What is being asked
Leave out the pictures and copy every record exactly.

□ □ □ □

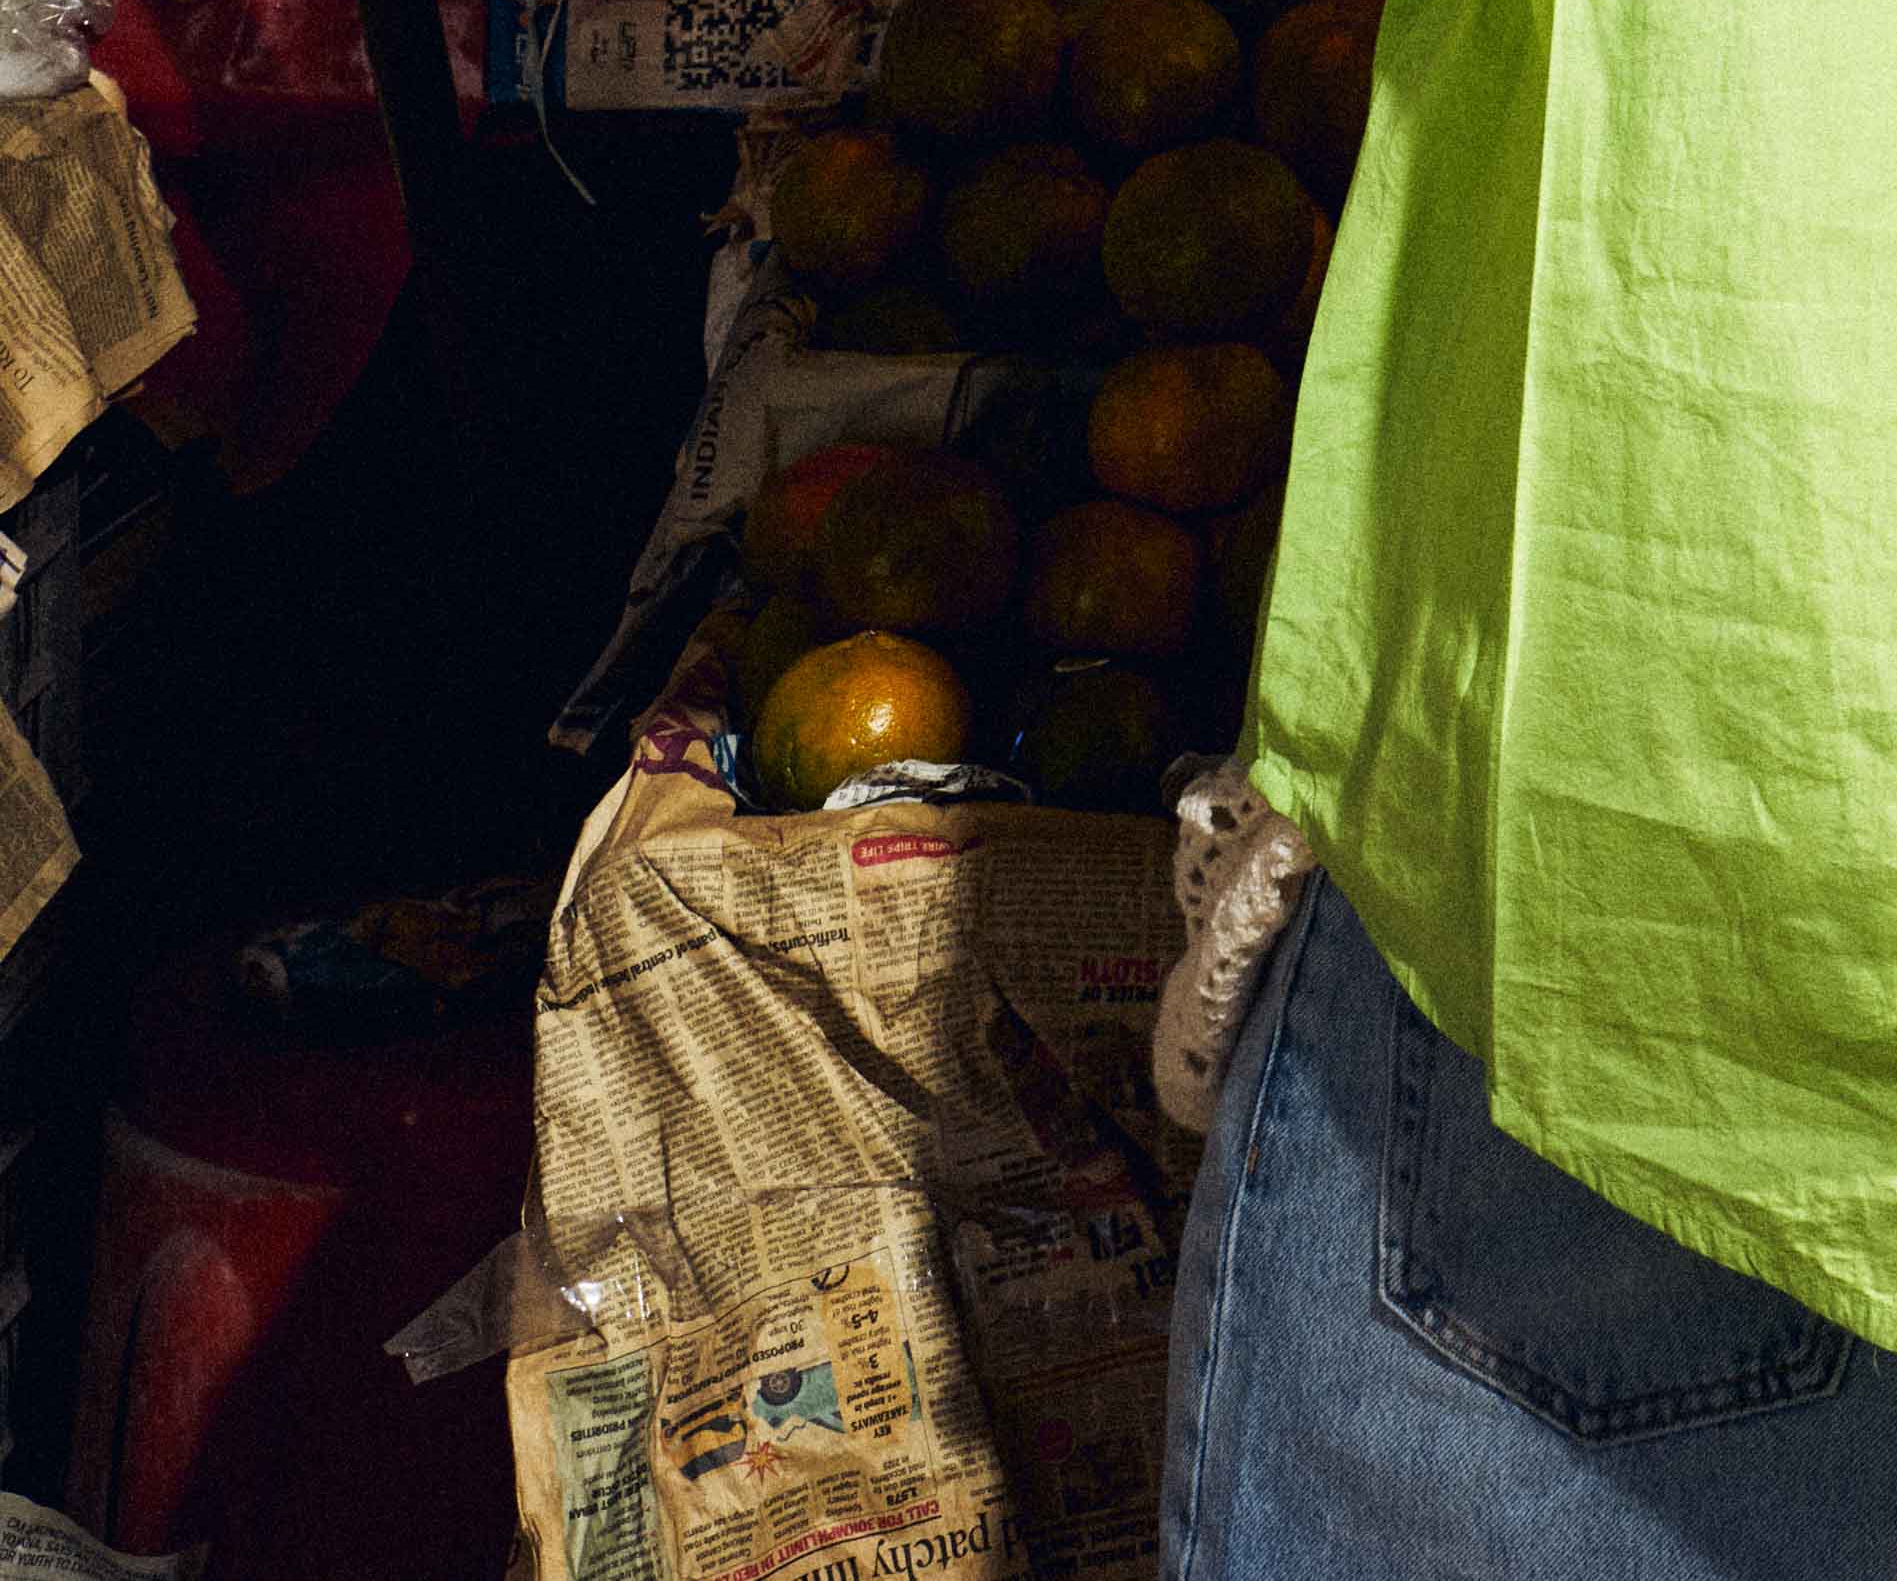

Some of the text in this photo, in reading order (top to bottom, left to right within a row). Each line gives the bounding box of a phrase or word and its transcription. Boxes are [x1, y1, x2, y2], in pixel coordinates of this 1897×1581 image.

[859, 844, 884, 858] LIFE
[887, 841, 918, 853] TRIPS
[808, 927, 851, 949] Traffic
[629, 947, 674, 981] central
[789, 1318, 804, 1335] 30
[751, 1336, 806, 1364] PROPOSED
[850, 1404, 909, 1433] TAKEAWAYS
[569, 1418, 626, 1443] PRIORITIES
[873, 1424, 892, 1439] KEY
[877, 1511, 903, 1529] FOR
[905, 1499, 940, 1520] CALL
[777, 1534, 816, 1564] LIMIT
[872, 1513, 992, 1581] patchy
[760, 1553, 774, 1573] IN
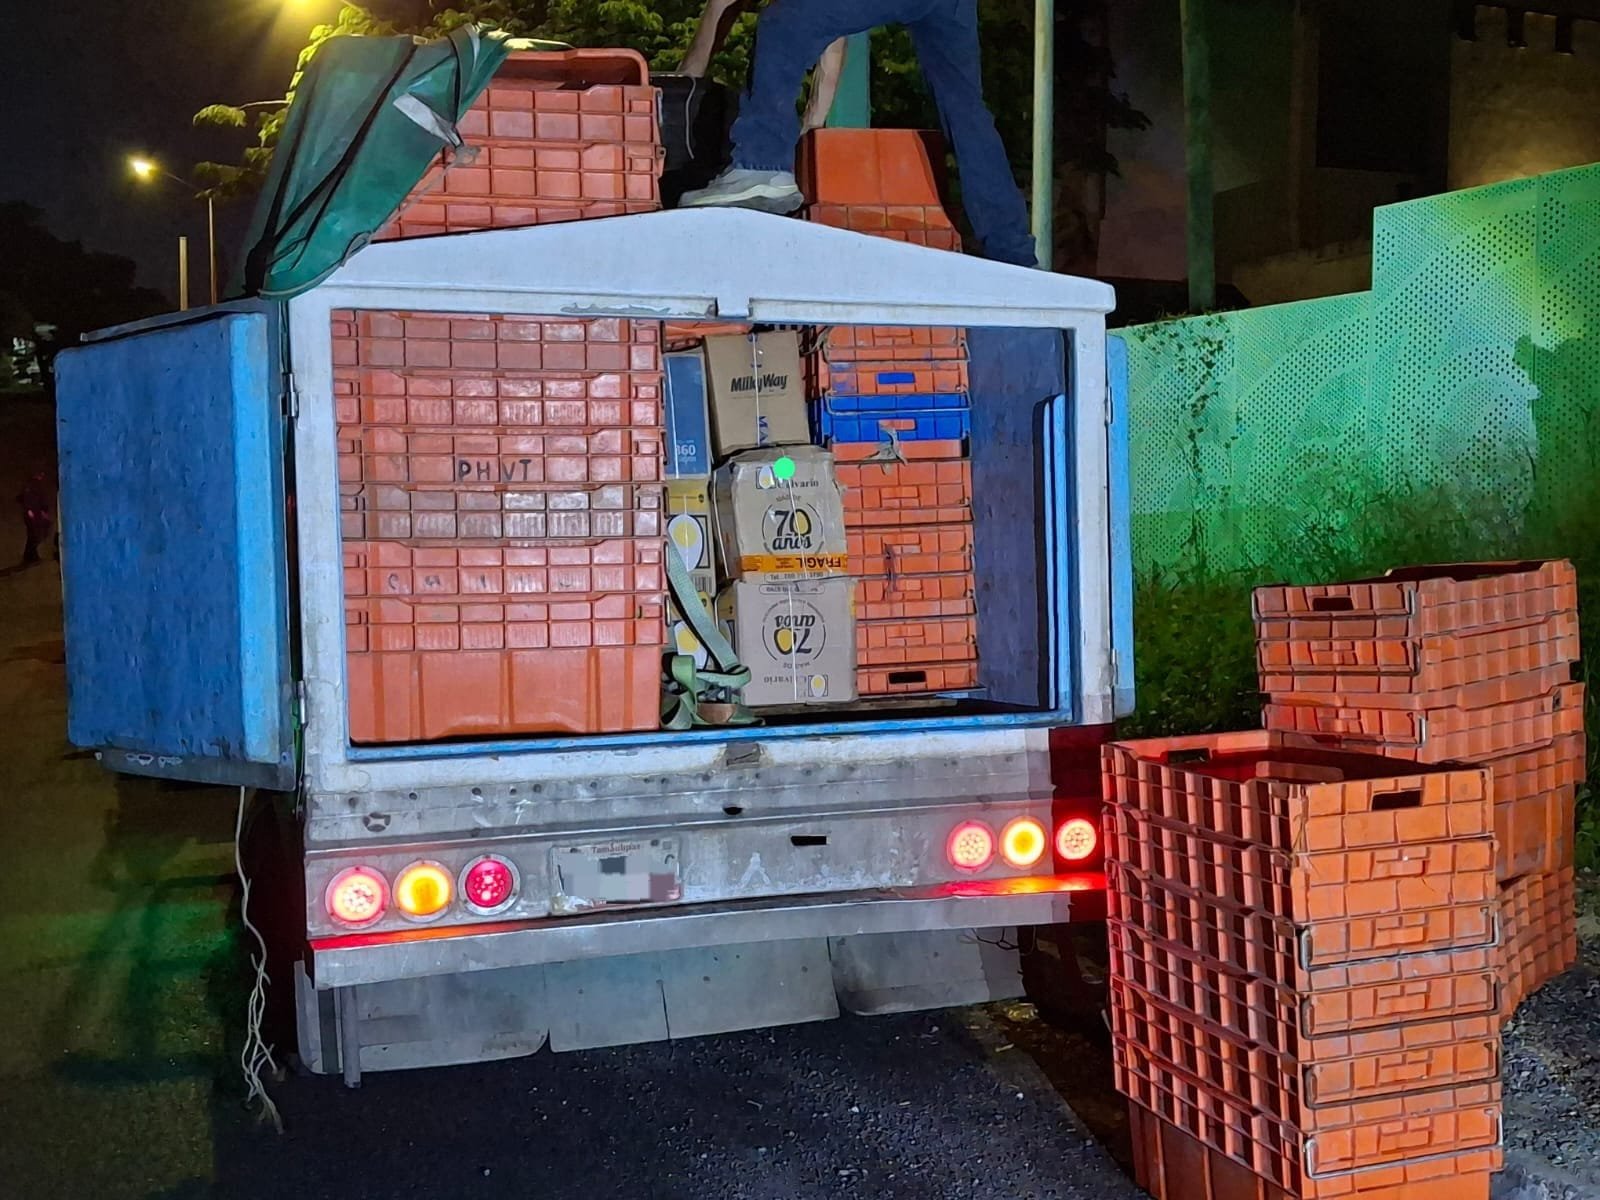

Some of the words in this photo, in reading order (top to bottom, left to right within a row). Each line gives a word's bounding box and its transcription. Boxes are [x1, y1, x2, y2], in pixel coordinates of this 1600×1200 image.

[774, 508, 812, 537] 70
[772, 533, 812, 551] años
[774, 615, 815, 632] años
[773, 628, 812, 656] 70
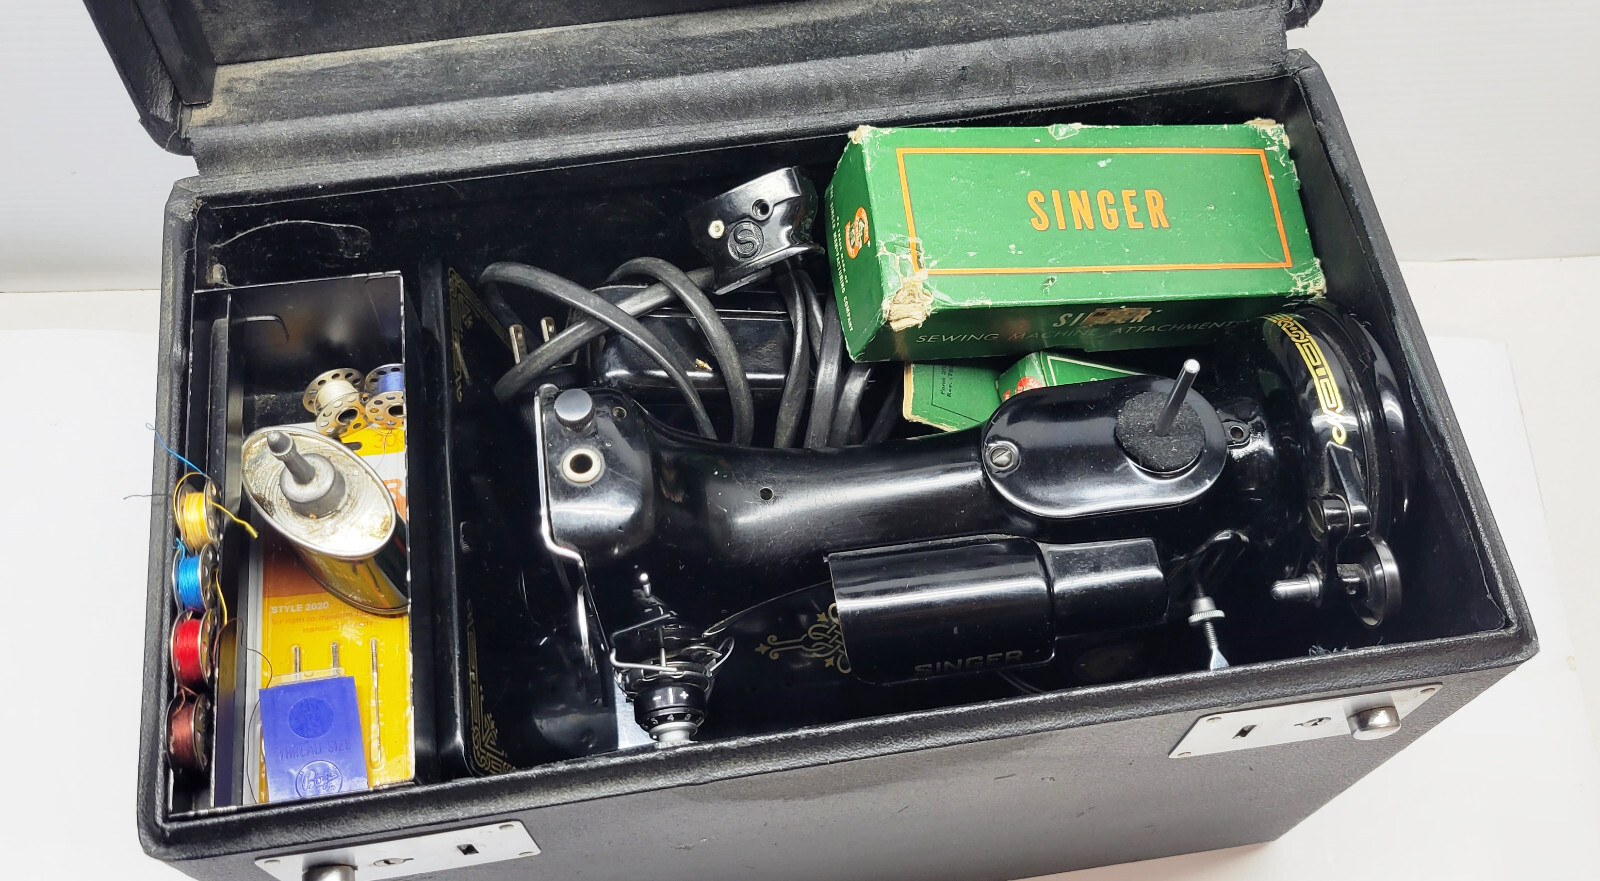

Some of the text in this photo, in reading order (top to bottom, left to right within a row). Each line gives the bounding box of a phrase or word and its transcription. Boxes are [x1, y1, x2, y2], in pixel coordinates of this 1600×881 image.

[1027, 188, 1171, 232] SINGER
[843, 295, 854, 332] COMPANY
[1053, 308, 1152, 329] SIR
[916, 318, 1243, 344] SEWING MACHINE ATTACHMENT
[271, 601, 329, 614] STYLE 2020
[913, 648, 1023, 676] SINGER
[667, 713, 675, 722] 4

□ □ □ □

Reply
Some of the text in this photo, in reading order (top to bottom, left to right within a row). Each line gives the bounding box of a phrase or word and its transcription. Boxes are [x1, y1, x2, y2], in pixel coordinates of this 1897×1581 image.

[859, 844, 884, 858] LIFE
[887, 841, 918, 853] TRIPS
[808, 927, 851, 949] Traffic
[629, 947, 674, 981] central
[789, 1318, 804, 1335] 30
[751, 1336, 806, 1364] PROPOSED
[850, 1404, 909, 1433] TAKEAWAYS
[569, 1418, 626, 1443] PRIORITIES
[873, 1424, 892, 1439] KEY
[877, 1511, 903, 1529] FOR
[905, 1499, 940, 1520] CALL
[777, 1534, 816, 1564] LIMIT
[872, 1513, 992, 1581] patchy
[760, 1553, 774, 1573] IN

Some of the words in this photo, in reading order (top to bottom, left to right within a row). Each line gives a word's bounding box and its transcription. Boxes are [x1, y1, x2, y2], in pixel coordinates of this 1600×1200 image.

[774, 508, 812, 537] 70
[772, 533, 812, 551] años
[774, 615, 815, 632] años
[773, 628, 812, 656] 70

Some of the text in this photo, in reading order (top to bottom, left to right within a row). Each line gives the bounding box of a phrase or word and its transcription. Boxes are [x1, y1, x2, y2], in pixel coordinates of this 1600×881 image.

[1027, 188, 1171, 232] SINGER
[843, 295, 854, 332] COMPANY
[1053, 308, 1152, 329] SIR
[916, 318, 1243, 344] SEWING MACHINE ATTACHMENT
[271, 601, 329, 614] STYLE 2020
[913, 648, 1023, 676] SINGER
[667, 713, 675, 722] 4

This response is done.